(Pictured above: James Alison in an advertising campaign with Brazilian gay publication Arrasa Bi.)
On December 15, 2016, “gay” priest James Alison will speak at St. Paul the Apostle Church in the Archdiocese of New York City. Ordained with the Dominicans in 1978, Alison now describes himself “as a Catholic priest and theologian who is also gay.” In a 2012 interview, he said: “My current canonical status is anomalous. I am a validly ordained priest in good standing, with no penalties or disciplinary matters hanging over me. Although it is many years since I have been associated with the Dominicans, I have not been laicized.” Alison has been openly critical in both his published works, as well as in interviews and lectures, concerning the Church’s teachings on homosexuality. For the most part, his contention that “gay” men and women are created by God, thus the homosexual inclination is not “intrinsically disordered,” and that the Catholic Church’s teachings on the issue will eventually change, is mirrored in the film project “Owning Our Faith,” which was sponsored by St. Paul the Apostle Church and it’s LGBT outreach Out at St. Paul. Here are two quotes from those interviewed for the documentary:
“If we leave it, if we abandon the Church then it’s never going to change. So we have to continue living here, being an example and encouraging other people to be that example because that’s what’s going to change the Church.”
“It’s just not a matter of accepting us, you have to, or tolerate us, you have to encourage us to be who we are. We are God’s creation. And to deny that is to deny that He knows what the hell he’s doing.”
Quotes from James Alison:
My disagreement with the current teaching of the Roman Congregations is about what I consider to be their fundamentally flawed premise of the objectively disordered nature of the inclination.
…the Church can, without any damage to its divine doctrine and mission, change its characterization of gay and lesbian people, and, changing its characterization, change also its position with relation to the civil laws which normalize the lives of such people.
…the Church cannot say of the homosexual inclination that it is a desire which is in itself intrinsically evil, since to say this would be to fall into the heresy of claiming that there is some part of being human which is essentially depraved.
It means noting with joy that we are now closer than ever to being able to imagine that a rejoicing gay heart and a rejoicing Catholic heart can be the same heart, and a normal, and healthy and holy thing. We can imagine a seminar reading Brokeback Mountain in the light of Deus Caritas Est or vice versa…
The same one who creates us redeems us. And he hasn’t redeemed us by despising that which he created, but by making it much more perfect. The moment this becomes clear or accepted, that what we call being “gay” or being “lesbian” is not any sort of pathology, either psychological or physiological, but what I refer to as a regularly occurring non-pathological minority variant in the human condition, whether Church authority likes it or not, the teaching will change and has changed. Because the teaching that stays the same is the teaching about grace. So the question isn’t, “must the Church change its teachings?” but given that we have been shown something new, “how will the Church adapt and face up to this new truth?”

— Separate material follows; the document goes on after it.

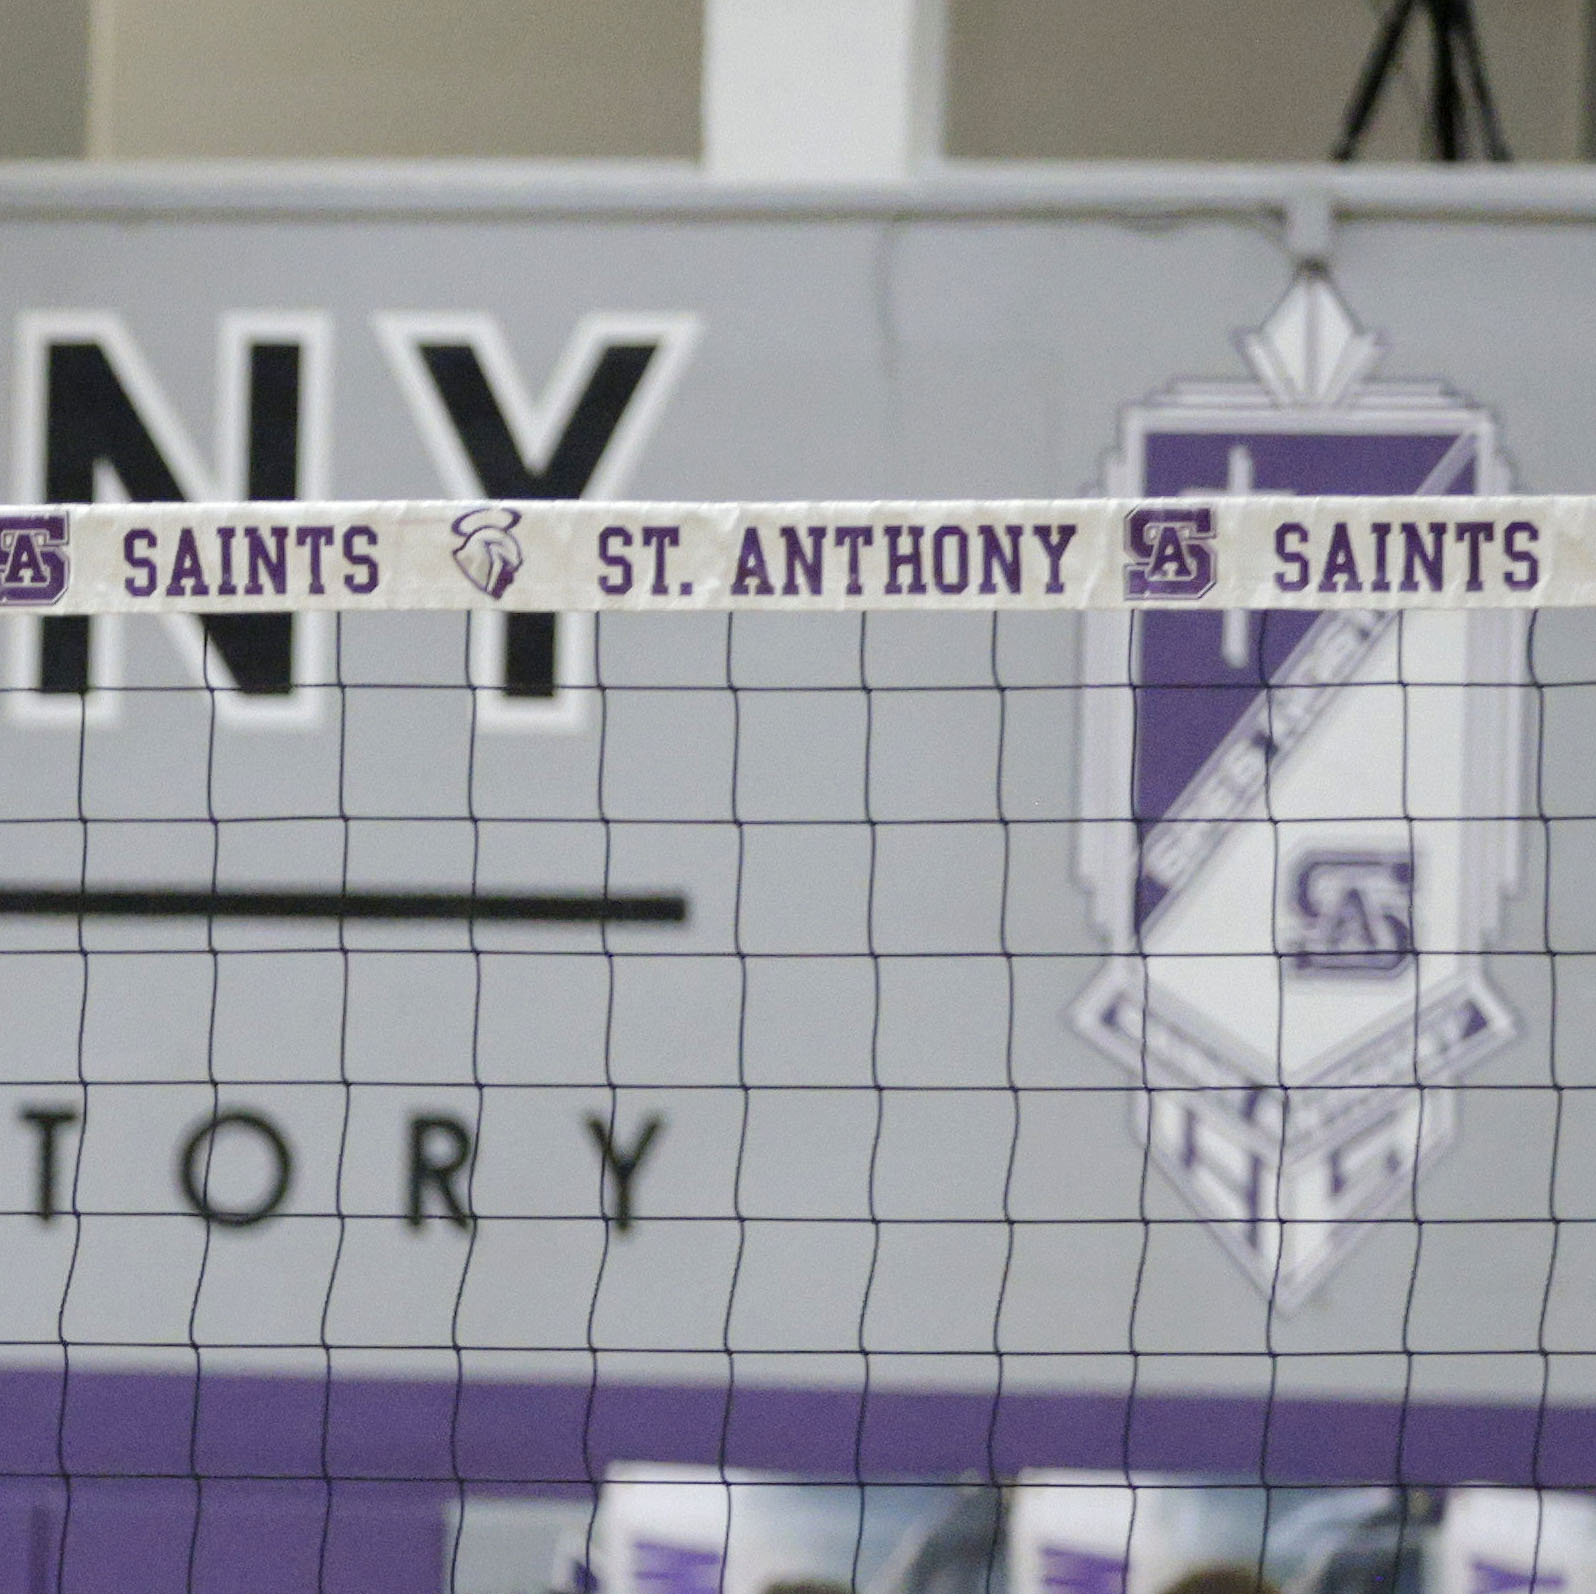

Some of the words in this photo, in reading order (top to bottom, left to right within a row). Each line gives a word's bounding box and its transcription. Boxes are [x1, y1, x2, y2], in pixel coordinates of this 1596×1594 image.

Given the existence, present and future, of committed, long term, partnerships recognised by civil law between adults of the same-sex who happen to be baptised, what should we call these? To what forms of flourishing can they contribute? What might their relationship be to the creation of forms of hospitality to the vulnerable, whether children or other precarious people? Please remember that in the classic understanding of marriage, it is the fact that the two partners are baptised which is what gives the marriage its sacramentality. They are living out a secular reality, marriage, in a way which is elevated by the fact that each is acting out the role of Christ loving his Church by giving his life, even unto death, for the other.
What is certainly true is that no purpose at all is served by seeing these realities as in principle in rivalry with each other, as though same-sex marriage somehow cheapens opposite-sex marriage. Likewise, should it indeed turn out that marriage between two baptized persons of the same sex is not sacramental in exactly the same sense as opposite-sex marriage, then whatever form of sacramentality does turn out to be proper to same-sex couples would certainly not be “second best” to the sacrament of marriage. God’s summons to flourishing involves people being called in tailor-made ways, not forced to endure invidious comparisons. There are many mansions in God’s house, and he invites each of us to discover what is his plan for each one of us—we are called by name, not by category.